- [EXERCISE GOAL]:
Repeat the entries below exactly, pictures excluded.

- [INFORMATION]:
--

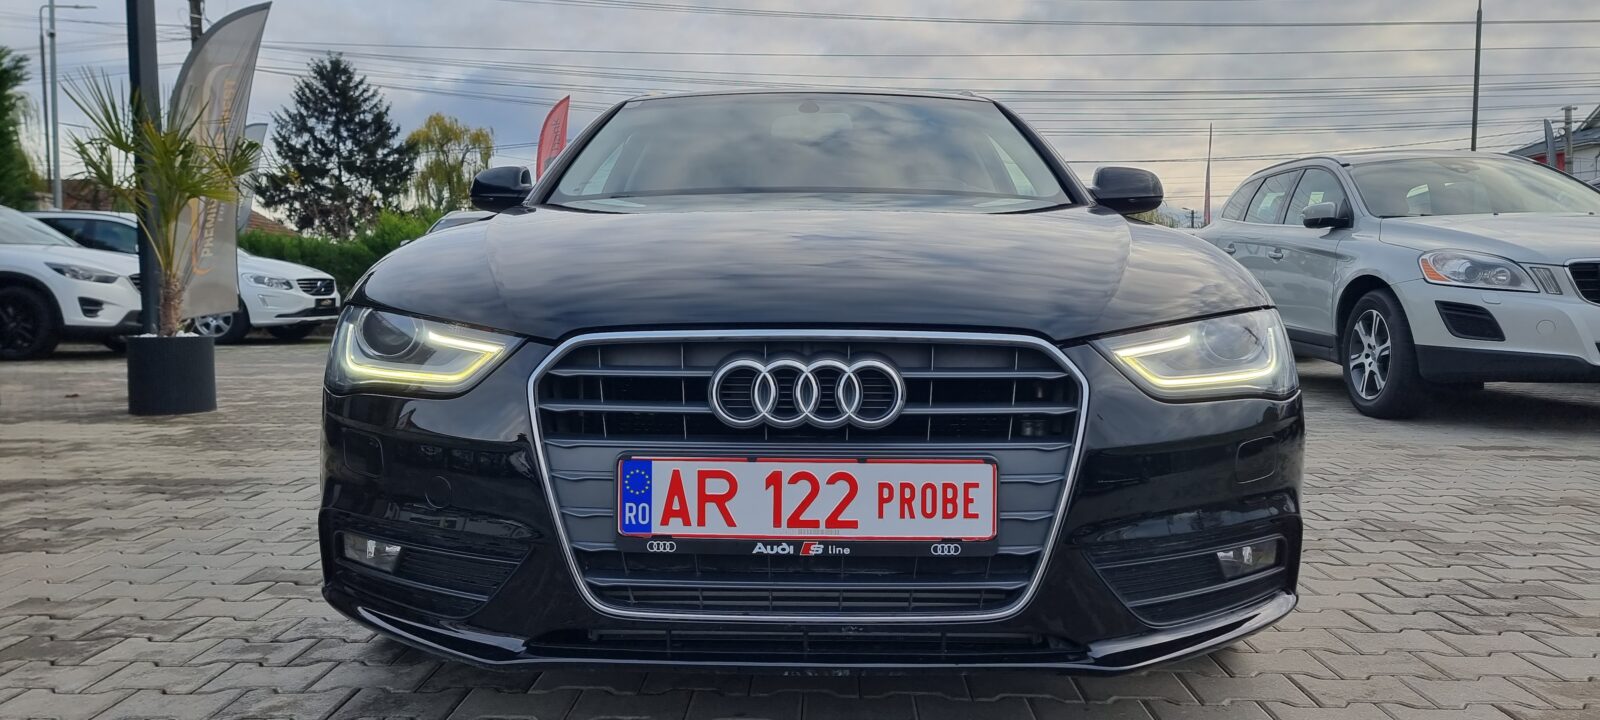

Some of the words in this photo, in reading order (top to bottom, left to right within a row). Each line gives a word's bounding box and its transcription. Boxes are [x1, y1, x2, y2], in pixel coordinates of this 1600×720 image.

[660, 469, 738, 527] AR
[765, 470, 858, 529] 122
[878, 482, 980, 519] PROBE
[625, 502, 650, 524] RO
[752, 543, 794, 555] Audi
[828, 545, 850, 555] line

--

- [RESPONSE TO THE TASK]:
Some of the words in this photo, in reading order (top to bottom, left to right within a row). Each line gives a word's bounding box and its transcription. Boxes are [x1, y1, x2, y2], in pixel coordinates of this 1600×720 image.

[660, 469, 738, 527] AR
[765, 470, 858, 529] 122
[878, 482, 980, 519] PROBE
[625, 502, 650, 524] RO
[752, 543, 794, 555] Audi
[828, 545, 850, 555] line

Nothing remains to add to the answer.